Tudo havia começado com o MPL – Movimento Palmeiras Livre – que reivindicava um novo presidente após outro rebaixamento. Se Mustafá havia nos derrubado em 2002, seus sucessores e, principalmente, Arnaldo Tirone haviam continuado o legado do mal.

Mas o que ocorreu é que aqueles que foram protestar queriam mais. Eles não se pintaram de verde e branco apenas para lutar por um novo presidente: queriam jogadores, queriam resultados, queriam seu estádio de volta. A manifestação foi além.

Mesmo torcedores de outras equipes se tornaram simpáticos ao movimento e, se não o faziam nas ruas, compartilhavam e apoiavam o que acontecia nas redes sociais.

Entoando o hino sagrado, eles caminhavam fechando o trânsito e alternando a cantoria com brados a favor de justiça sem violência.  E, nas primeiras horas funcionou. Mas, sabíamos todos, aquilo era em vão. Em pouco tempo vieram pichações nos muros, agressões a jogadores e diretores, carros apedrejados, loja queimada… o pandemônio.

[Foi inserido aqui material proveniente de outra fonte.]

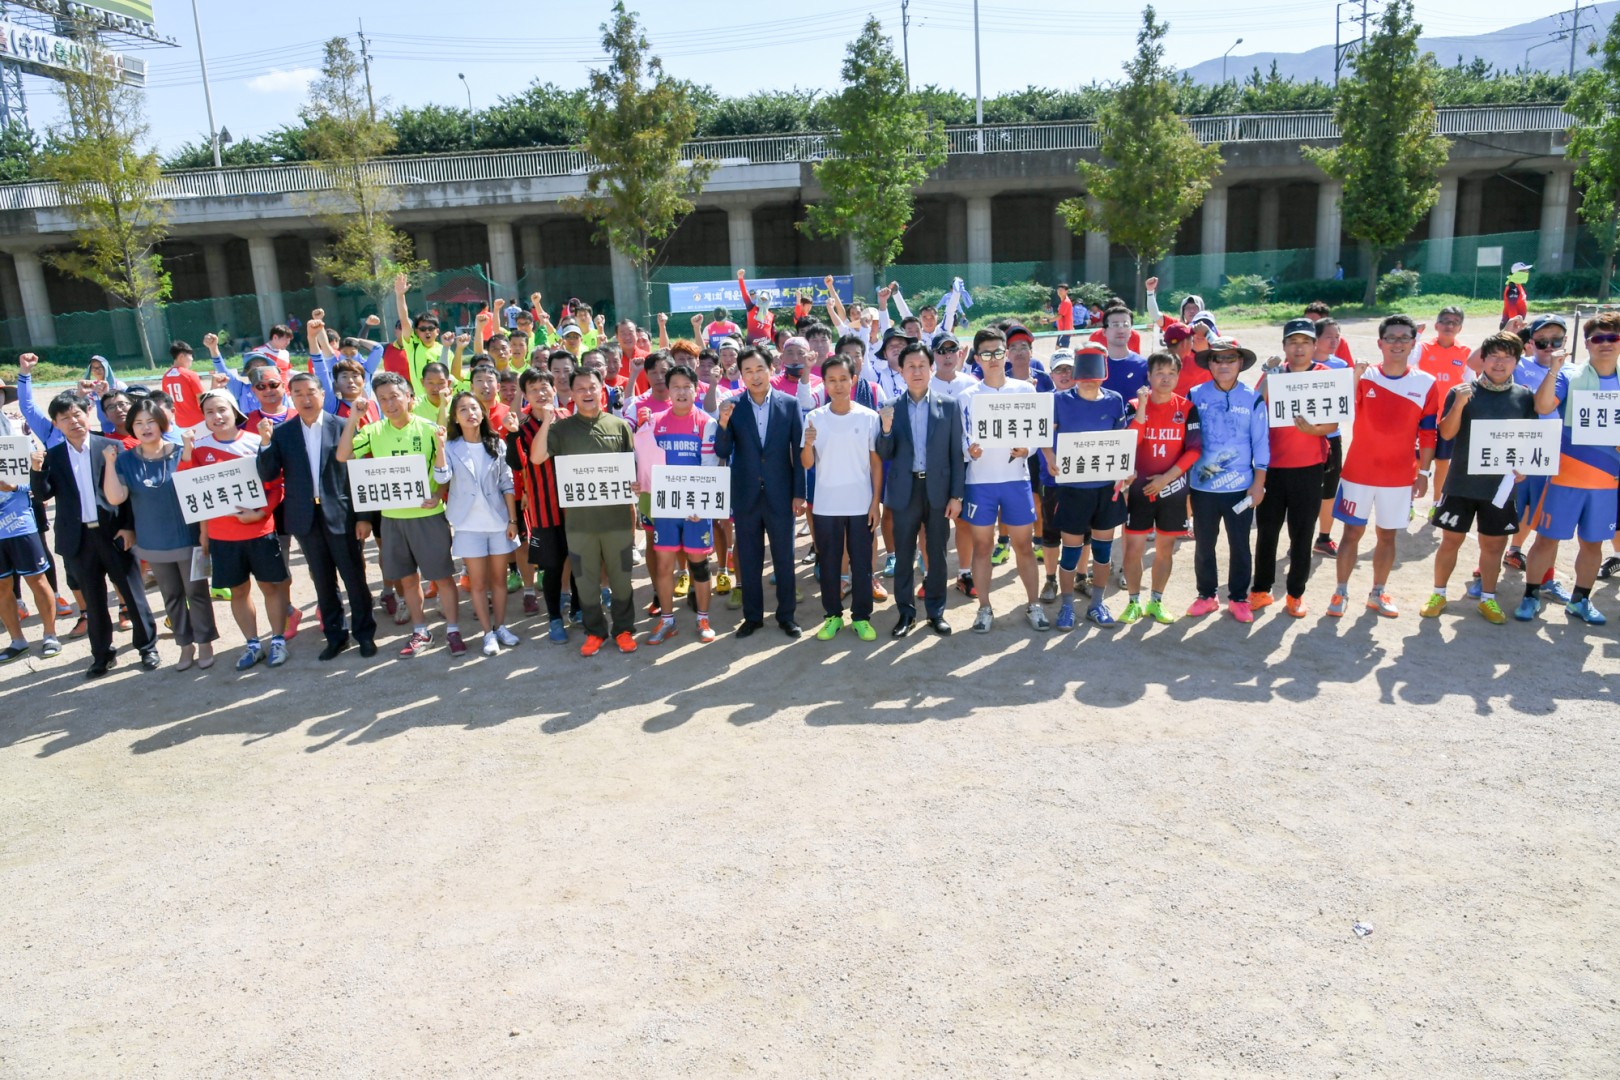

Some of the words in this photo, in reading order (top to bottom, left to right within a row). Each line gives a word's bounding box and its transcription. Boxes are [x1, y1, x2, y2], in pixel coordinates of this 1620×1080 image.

[1437, 372, 1450, 381] 10
[167, 383, 184, 402] 19
[1275, 396, 1348, 420] 마린족구회
[978, 418, 1048, 439] 현대족구회
[1159, 428, 1182, 440] KILL
[658, 440, 672, 450] SEA
[673, 440, 699, 452] HORSE
[1152, 443, 1166, 458] 14
[1062, 453, 1130, 474] 청솔족구회
[185, 480, 260, 513] 장산족구단
[357, 480, 426, 504] 울타리족구회
[564, 480, 632, 502] 일공오족구단
[656, 490, 724, 510] 해마족구회
[967, 502, 978, 519] 17
[1439, 511, 1460, 528] 44
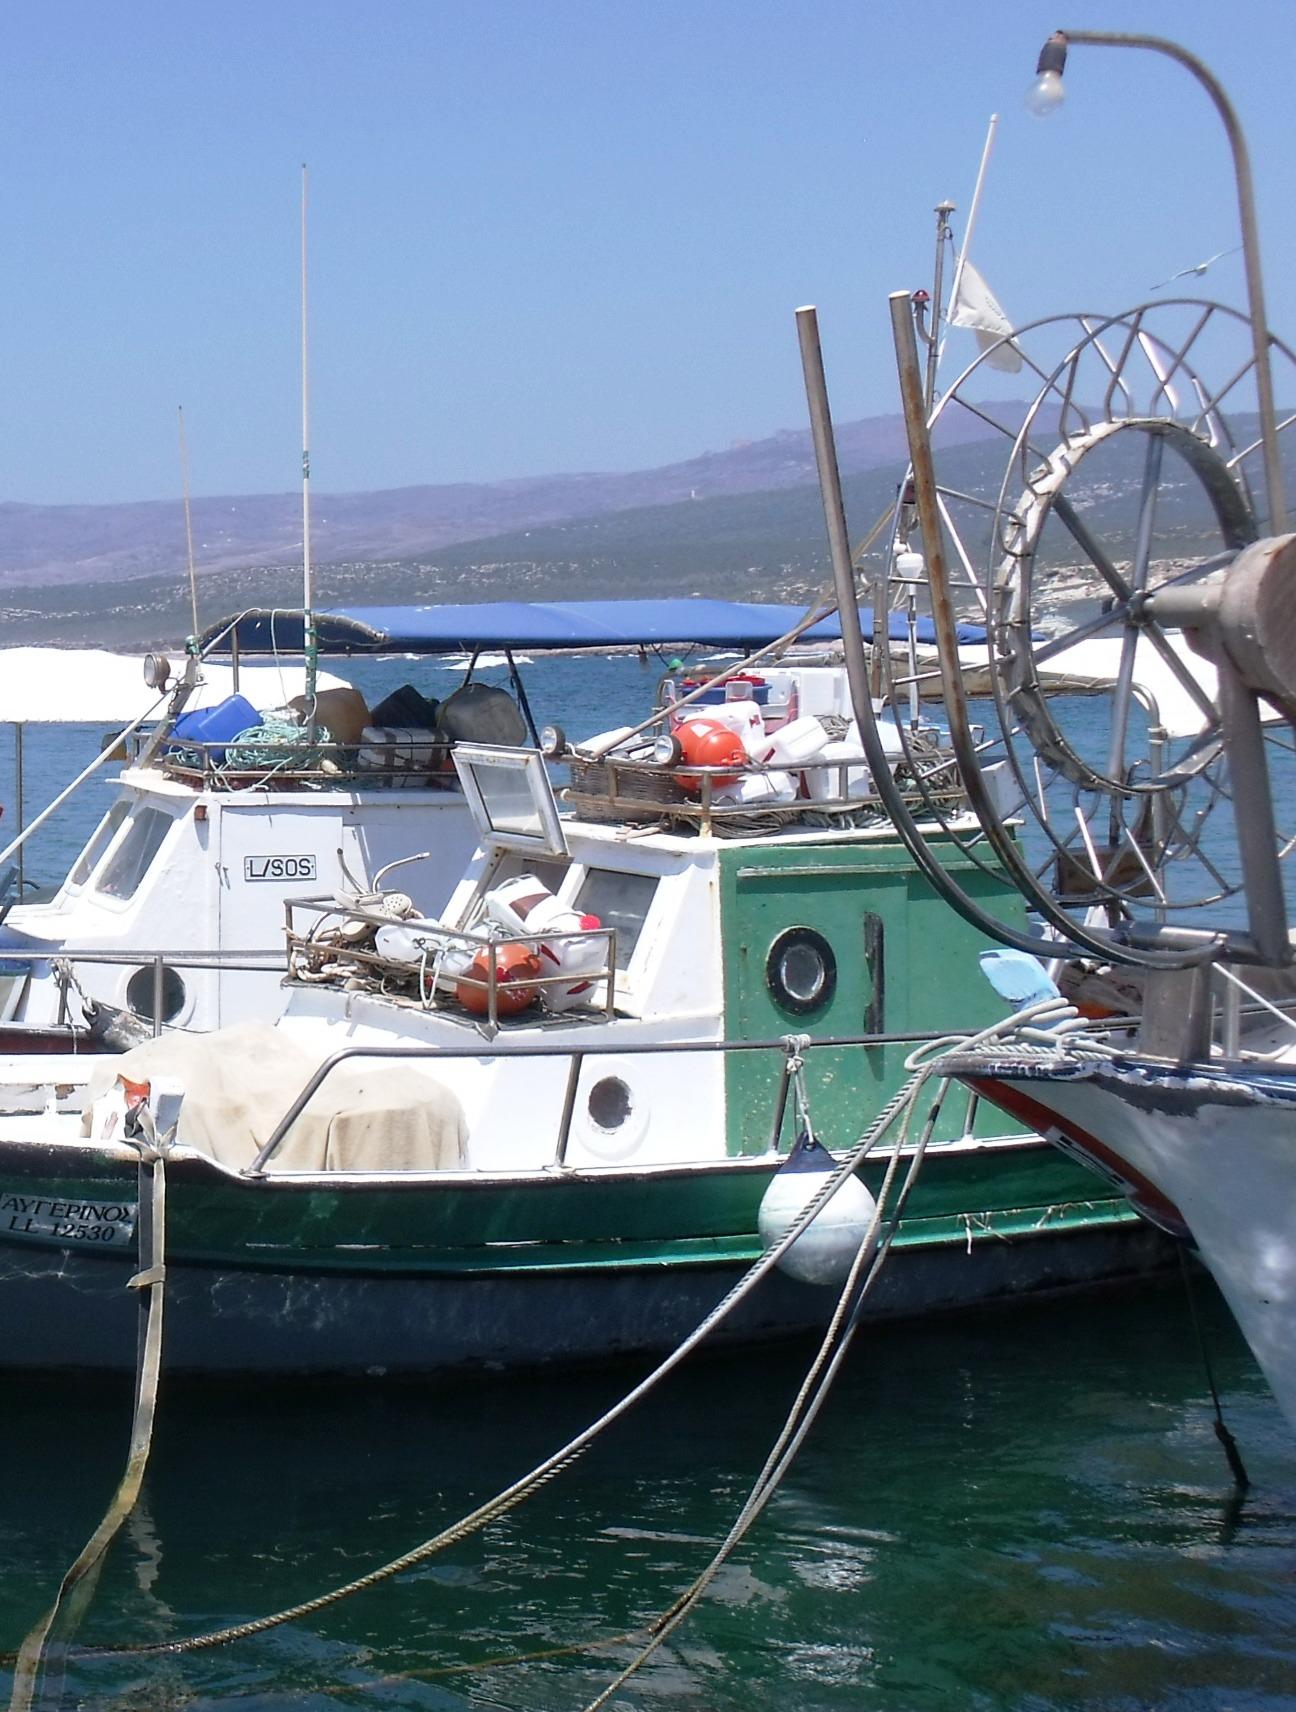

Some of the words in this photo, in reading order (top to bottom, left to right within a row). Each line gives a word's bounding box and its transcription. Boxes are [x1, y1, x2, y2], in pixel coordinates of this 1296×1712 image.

[1, 1197, 133, 1224] ΑΥΓΕΡΙΝΟΣ
[9, 1215, 40, 1235] LL
[50, 1220, 116, 1243] 12530
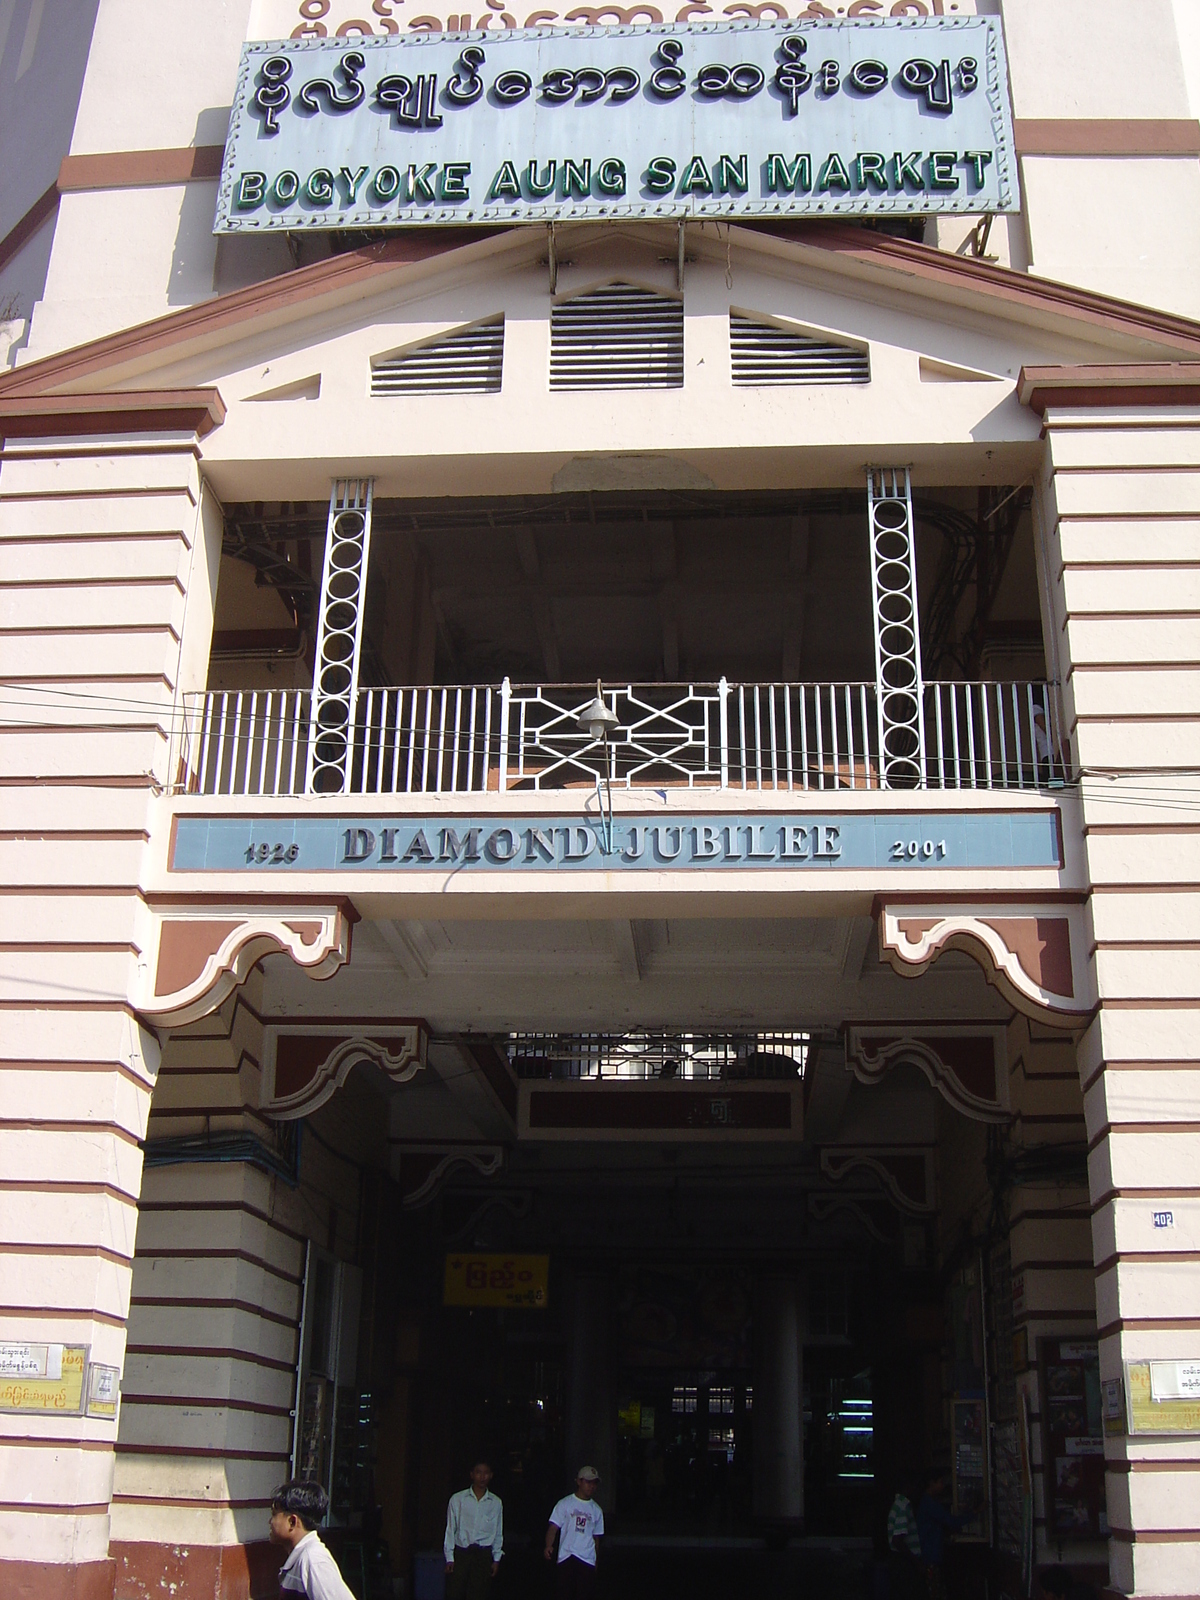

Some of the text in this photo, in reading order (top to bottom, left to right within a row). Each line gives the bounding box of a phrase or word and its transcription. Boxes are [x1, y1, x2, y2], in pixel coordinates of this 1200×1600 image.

No entanto, também já é sabido que nem todo pandemônio é em vão. O movimento afugentou alguns medrosos e bundões que mamavam nas tetas do clube, além de ter aumentado a vigilância de todos os palestrinos quanto a política do clube. Qualquer coisa que acontecesse, do preço da lanchonete até rombos no orçamento, passaram a ser vistoriados de perto.

O presidente, enfim, também mudou. Menos pelo protesto, mais pelo calendário estatutário do clube, mas mudou. E aqueles milhares que cantaram, gritaram e levantaram cartazes, agora, se sentem bem. Muito embora, é bom que se diga, ainda não estão satisfeitos. Ainda queremos eleições diretas, profissionalização de todas as áreas, situação financeira transparente e por aí vai.

Nobre, estamos de olho.

Siamo Palestra!

ROJAS.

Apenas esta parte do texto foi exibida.